:: EXTRACTED MATERIAL ::

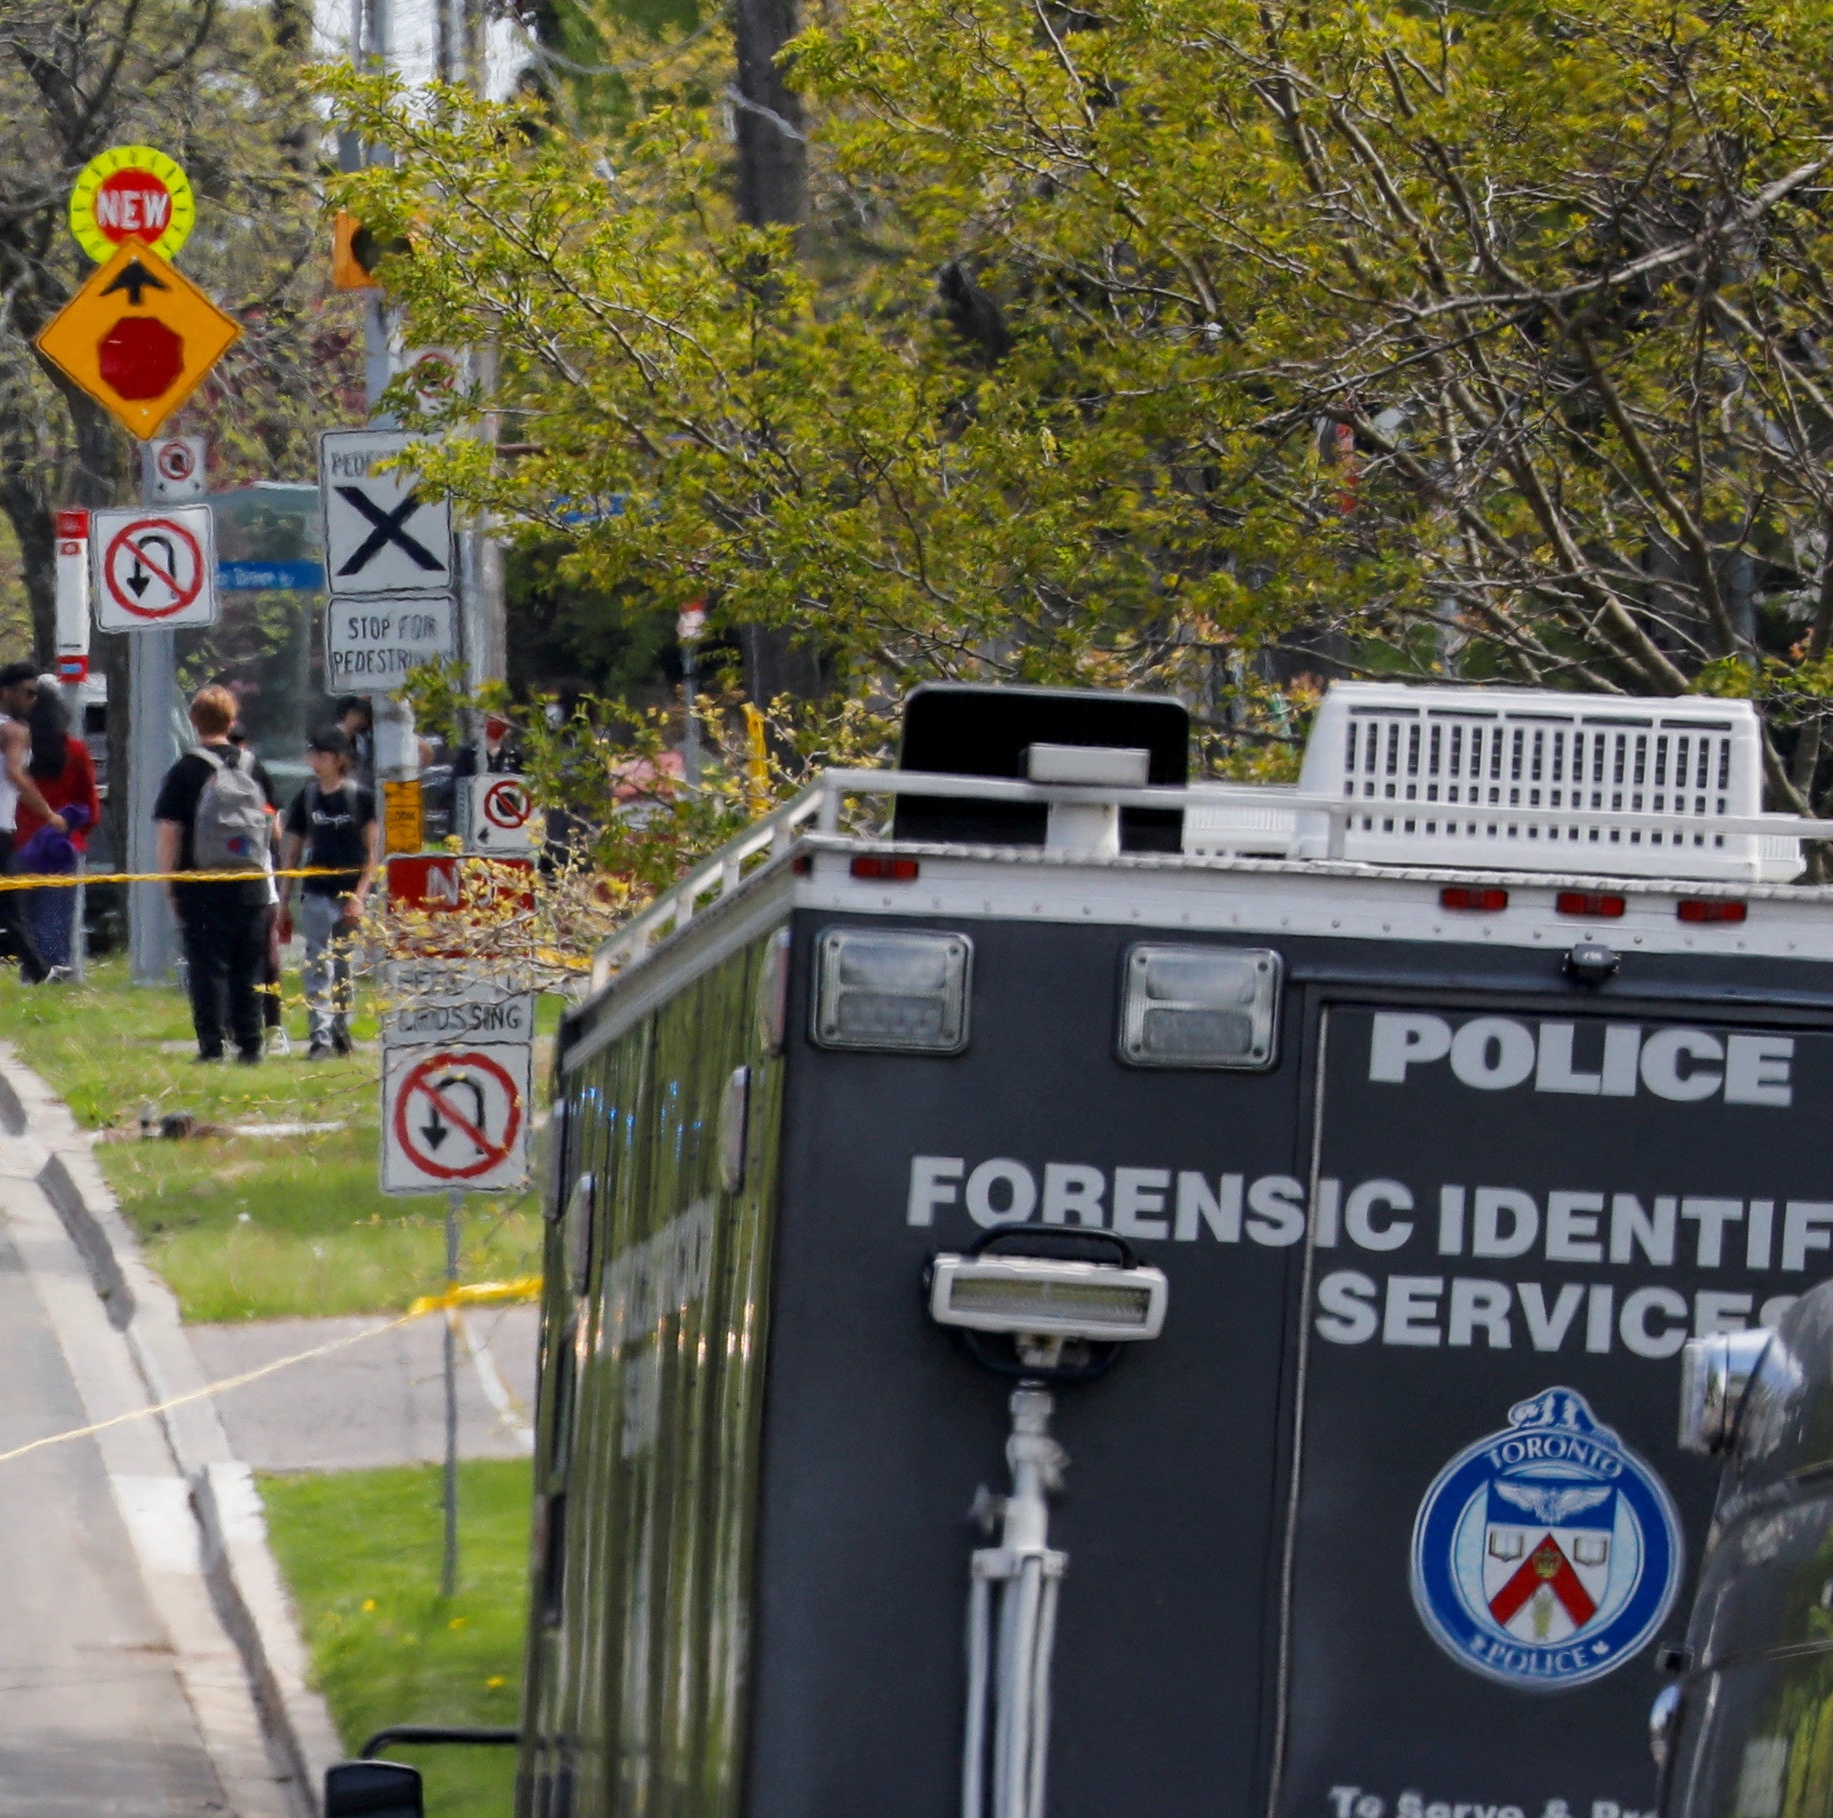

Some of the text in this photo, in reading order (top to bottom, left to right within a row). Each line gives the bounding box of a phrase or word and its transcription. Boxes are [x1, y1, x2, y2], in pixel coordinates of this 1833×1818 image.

[97, 189, 169, 230] NEW
[348, 614, 437, 640] STOP FOR
[333, 648, 453, 674] PEDESTRIS
[1370, 1017, 1794, 1106] POLICE
[906, 1157, 1415, 1252] FORENSIC
[1486, 1436, 1622, 1480] TORONTO
[1490, 1644, 1589, 1674] POLICE

:::

## YOUR GOAL:
What you return must match the records line for line, with the pictures left out.

## RESPONSE:
Some of the text in this photo, in reading order (top to bottom, left to right within a row). Each line gives the bounding box of a phrase or word and its transcription. Boxes are [x1, y1, x2, y2], in pixel coordinates of this 1833×1818 image.

[97, 189, 169, 230] NEW
[348, 614, 437, 640] STOP FOR
[333, 648, 453, 674] PEDESTRIS
[1370, 1017, 1794, 1106] POLICE
[906, 1157, 1415, 1252] FORENSIC
[1486, 1436, 1622, 1480] TORONTO
[1490, 1644, 1589, 1674] POLICE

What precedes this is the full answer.